Stories in which Death looms large

A hilarious cover on an old edition.
Winston does not look like that.
The most uncomfortable thing about 1984 is that Winston Smith's death, if indeed he does die in that second to last paragraph, is unnecessary. His life has been rendered so meaningless, his thoughts so controlled and his will so supple, that death would have been a welcome relief. But the catharsis of death is denied us, even if he does die, because the significant part of death, when human energy and will and resistance leaves a body, happened while Winston's body was alive. In fact, his body improves a great deal after he has completely succumbed to the horrifying tactics of O'Brian and the Party.

In the earlier part of the book he is aware that his death will come, but he seems to rather look forward to it, as an honorable end for a rebellious martyr. He'd rather die, it seems, that comply with totalitarianism. He refers to his impending death often, both he and Julia do, so that the idea of dying does not startle the reader at all. Life is so constrained in Oceania - with its mindless jobs, language designed to shrink the human capacity for thought, gin like car petrol, and saccharin tablets instead of sugar - that death doesn't seem much of a sacrifice.

By the end death seems like it would actually be a blessing, if only Winston could achieve it with integrity.
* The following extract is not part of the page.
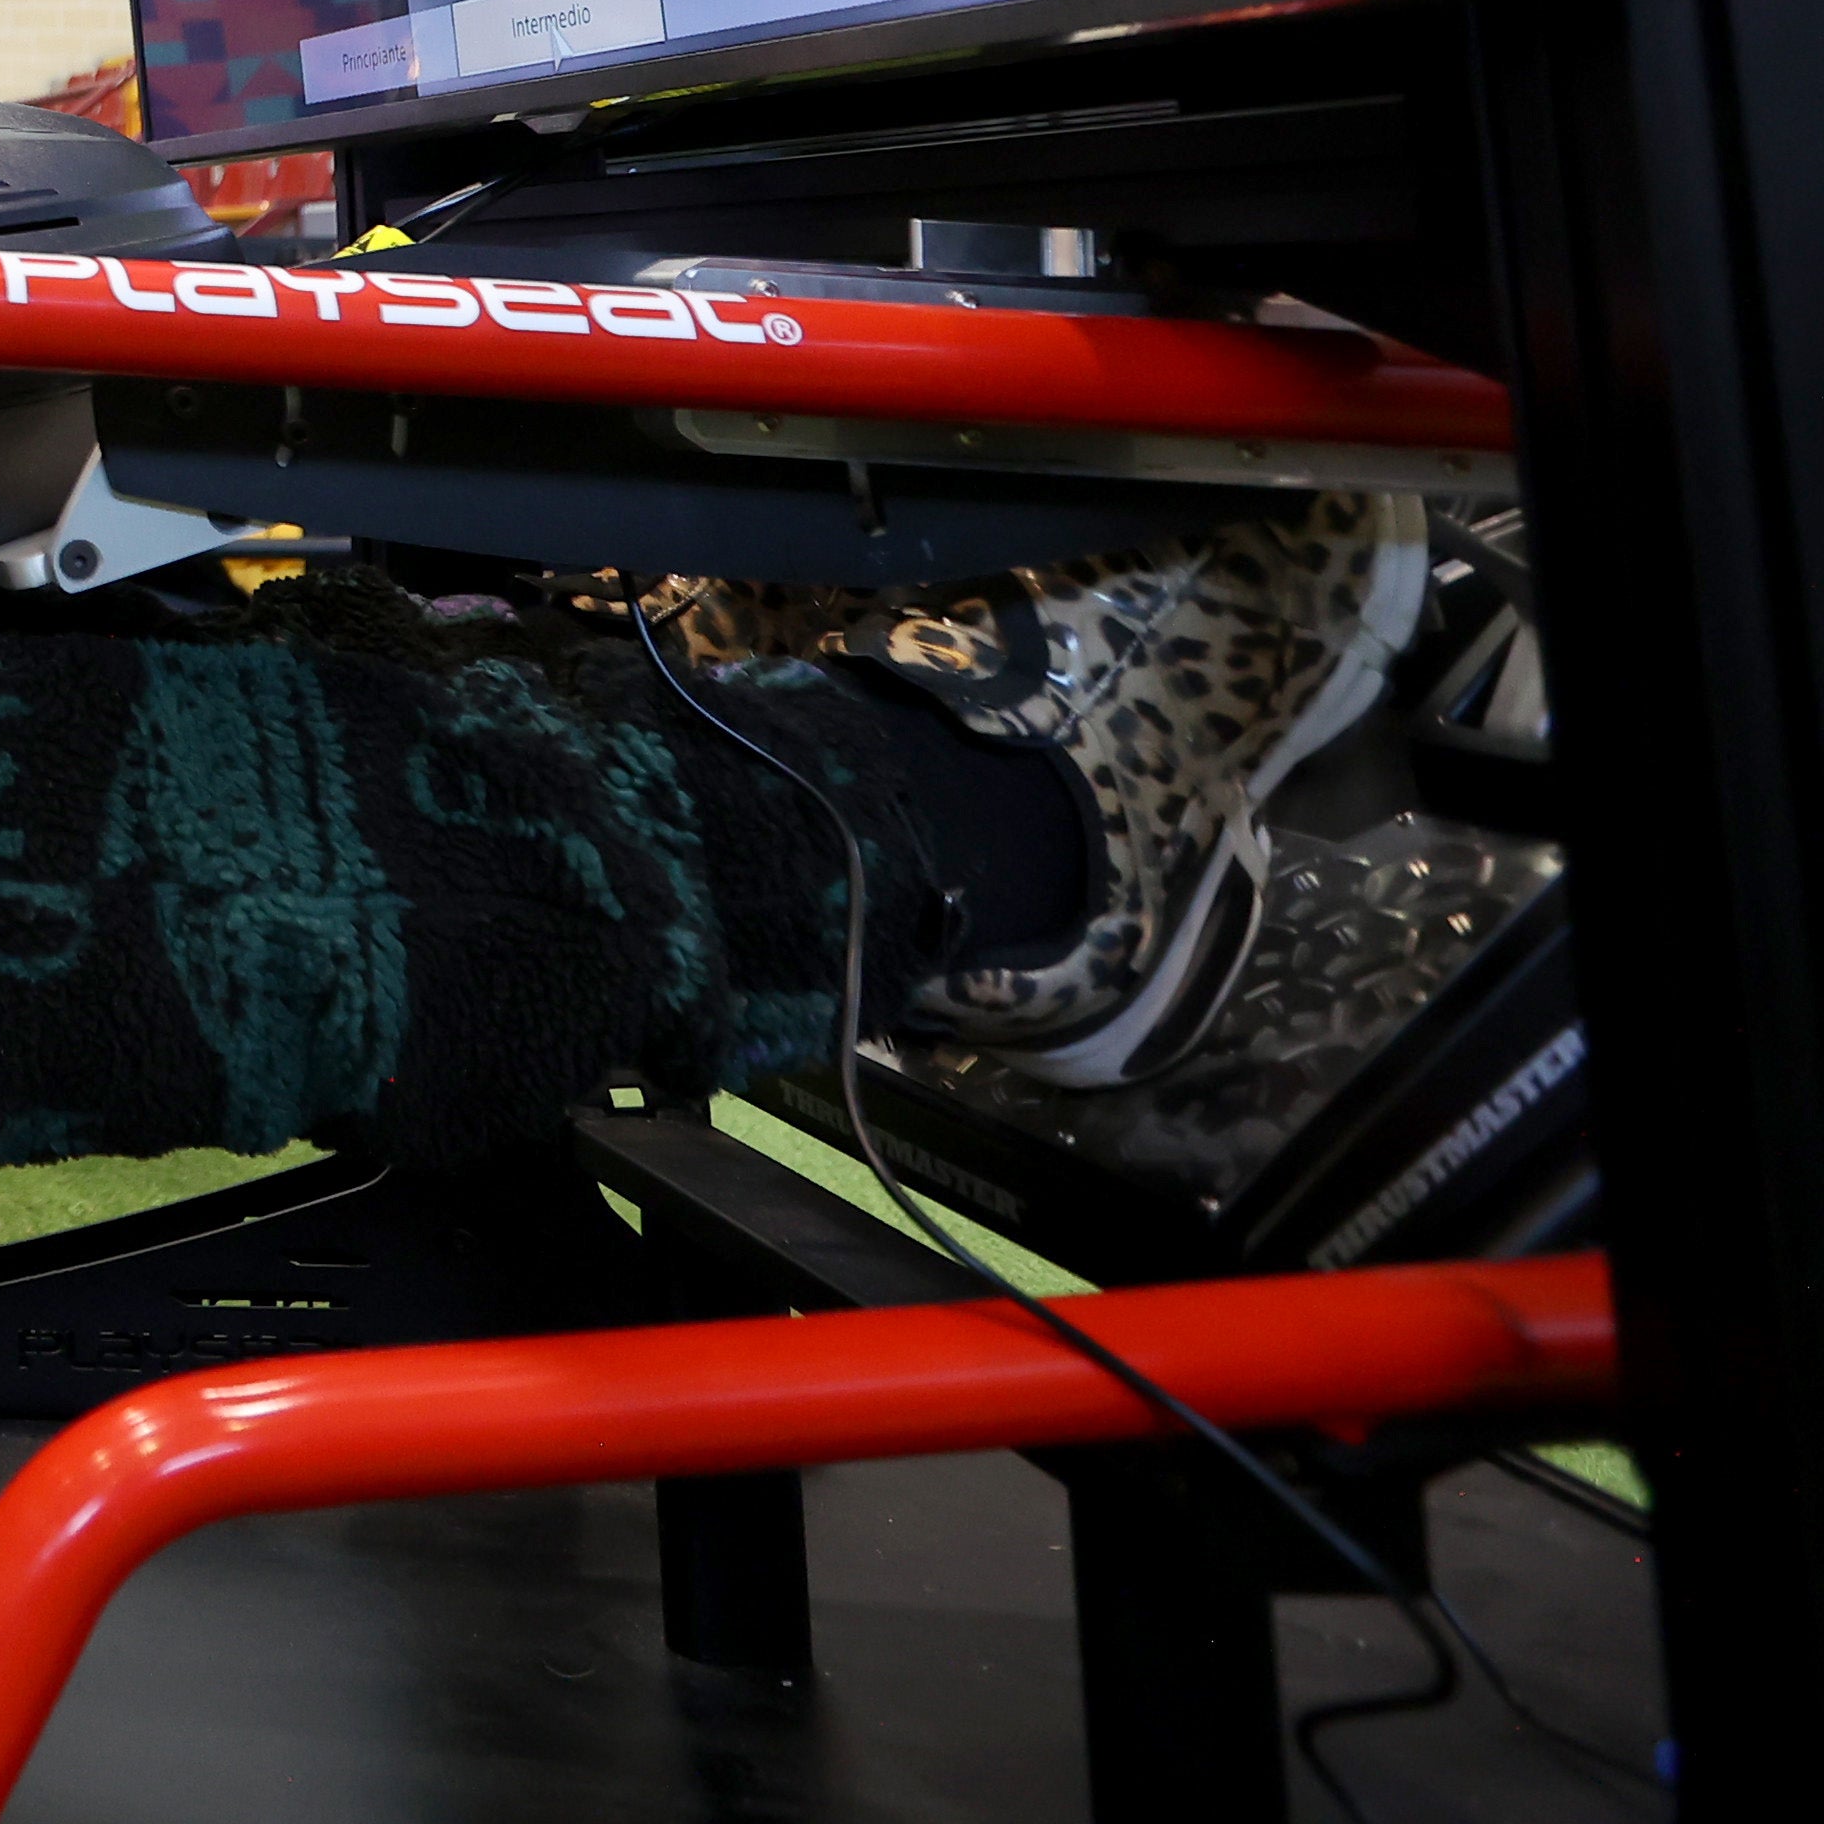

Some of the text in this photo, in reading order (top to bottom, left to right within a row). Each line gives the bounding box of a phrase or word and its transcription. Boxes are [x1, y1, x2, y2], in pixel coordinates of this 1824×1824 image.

[341, 41, 407, 74] Principiante
[510, 3, 592, 39] Intermedio
[778, 1077, 1026, 1226] THRUTMASTER
[1307, 1019, 1587, 1271] THRUSTMASTER
But he doesn't, defeated by the torture of fear [of rats], and he is broken rather than dying heroically committed to his ideals. It is a very discomfiting ending. His admittedly tepid fervor simply fizzles into the nothingness of unrecorded history. If man is preoccupied with his legacy, and I think at least every white man is, Winston's is pathetic. Not even pathetic; it doesn't exist.

One of the most interesting aspects of the book to me was the idea that thought is so unreliable a form of record. Our thoughts are variable, unstable, and so easy to contort. How easy it is to convince myself that something went differently than it did (I think I do this all the time with my lessons). And if pressed on something, I would have a hard time saying that it did, absolutely, happen. The first episode of Sarah Koenig's Serial podcast asks the listeners to try to remember what they were doing a week before at a specific hour. Her point is that witness testimony is fallible, because our memories are so imprecise. The records, it turns out, are absolutely essential. I wonder if this is an idea that my students would appreciate if we spoke about it in relation to Animal Farm. The laws of the land (The Seven Commandments) keep changing, and we need literate people to read them and write about the violations of them if the commandments are going to mean anything.
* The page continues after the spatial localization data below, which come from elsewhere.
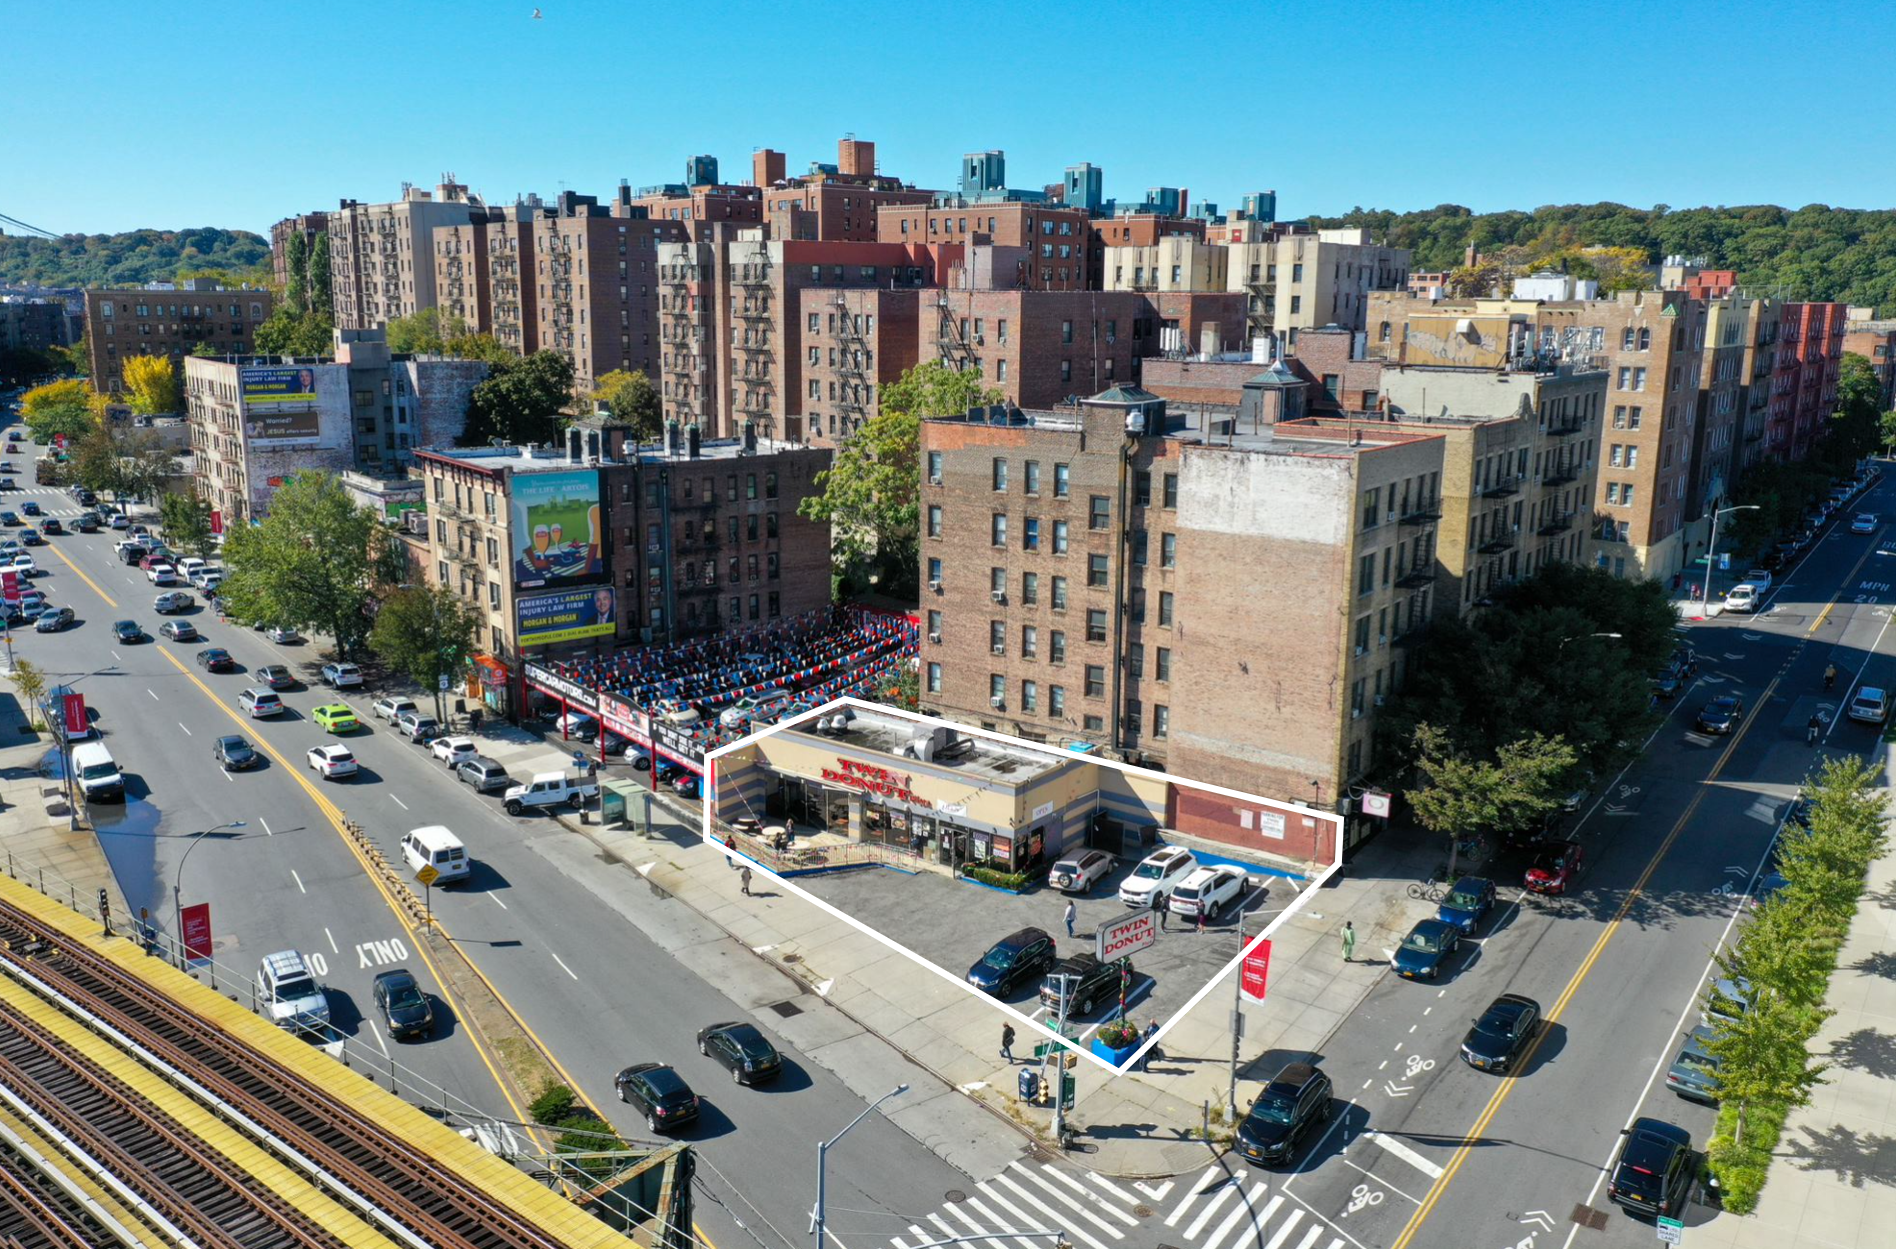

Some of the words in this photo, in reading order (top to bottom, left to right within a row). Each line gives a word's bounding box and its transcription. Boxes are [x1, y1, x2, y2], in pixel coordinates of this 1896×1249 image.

[522, 487, 537, 495] THE
[539, 485, 555, 494] LIFE
[1860, 581, 1891, 592] MPH
[519, 596, 559, 608] AMERICA'S
[560, 592, 592, 602] LARGEST
[1854, 594, 1878, 604] 20
[519, 606, 547, 616] INJURY
[548, 604, 565, 612] LAW
[566, 601, 585, 609] FIRM
[523, 617, 547, 628] MORGAN
[553, 613, 577, 623] MORGAN
[689, 748, 695, 759] IT
[837, 757, 913, 790] TWIN
[820, 767, 911, 801] DONUT
[1110, 916, 1149, 939] TWIN
[1104, 927, 1154, 954] DONUT
[355, 938, 409, 969] ONLY
[1661, 1234, 1675, 1242] LANE
Two other books in which death looms large:

1. John Banville's The Sea. The narrator's wife has died, and his reflections during a visit to the town where his family used to spend summer holidays are overlain with a bitterness and ---- perhaps it's not bitterness. What is it? Sourness. Ha, yes, Sourness is the right word, because it also evokes smell, which Banville talks about on almost every page. The narrator is understandably sour, having lost his wife, and I imagine his face screwed up into squinty contortions as he encounters the smells of his memories. Here is one passage in which he describes the mother of his playmates, Mrs. Grace, with whom he is infatuated.

I would have said then that she was beautiful, had there been anyone to whom I would ahve thought of saying such a thing, but I suppose she was not, really. She was rather stocky, and her hands were fat and reddish, there was a pump at the tip of her nose, and the two lank strands of blonde hair that her fingers kept pushing back behind her ears and that kept falling forward again were darker than the rest of her hair and had the slightly greasy hue of oiled oak. She walked at a languorous slouch, the muscles in her haunches quivering under the light stuff of her summer dresses. She smelled of sweat and cold cream and, faintly, of cooking fat. Just another woman, in other words, and another mother, at that.

Can't you hear the sourness? He (the narrator) seems to paint the world with his descriptions with a brush dipped first in tar, then in the colors he chooses. The tar bleeds through and lends everything a ruined texture. Everything is mildly disgusting in his lens, though he never says he is revolted. Indeed, if everything has this hue, what is there to compare it to? Well, I shall answer my own question: he must compare it to his life before Anna died, when the brush was  pure. Although, come to think of it, there is no indication thus far that his marriage with Anna was a happy one. Perhaps it is just his newly invigorated sense of morality, or his enhanced feeling of loneliness, which prompt him to be so sour.

My favorite moments in the book are the darkly humorous ones, which usually are only funny because of the placement of a period, or the lack of one.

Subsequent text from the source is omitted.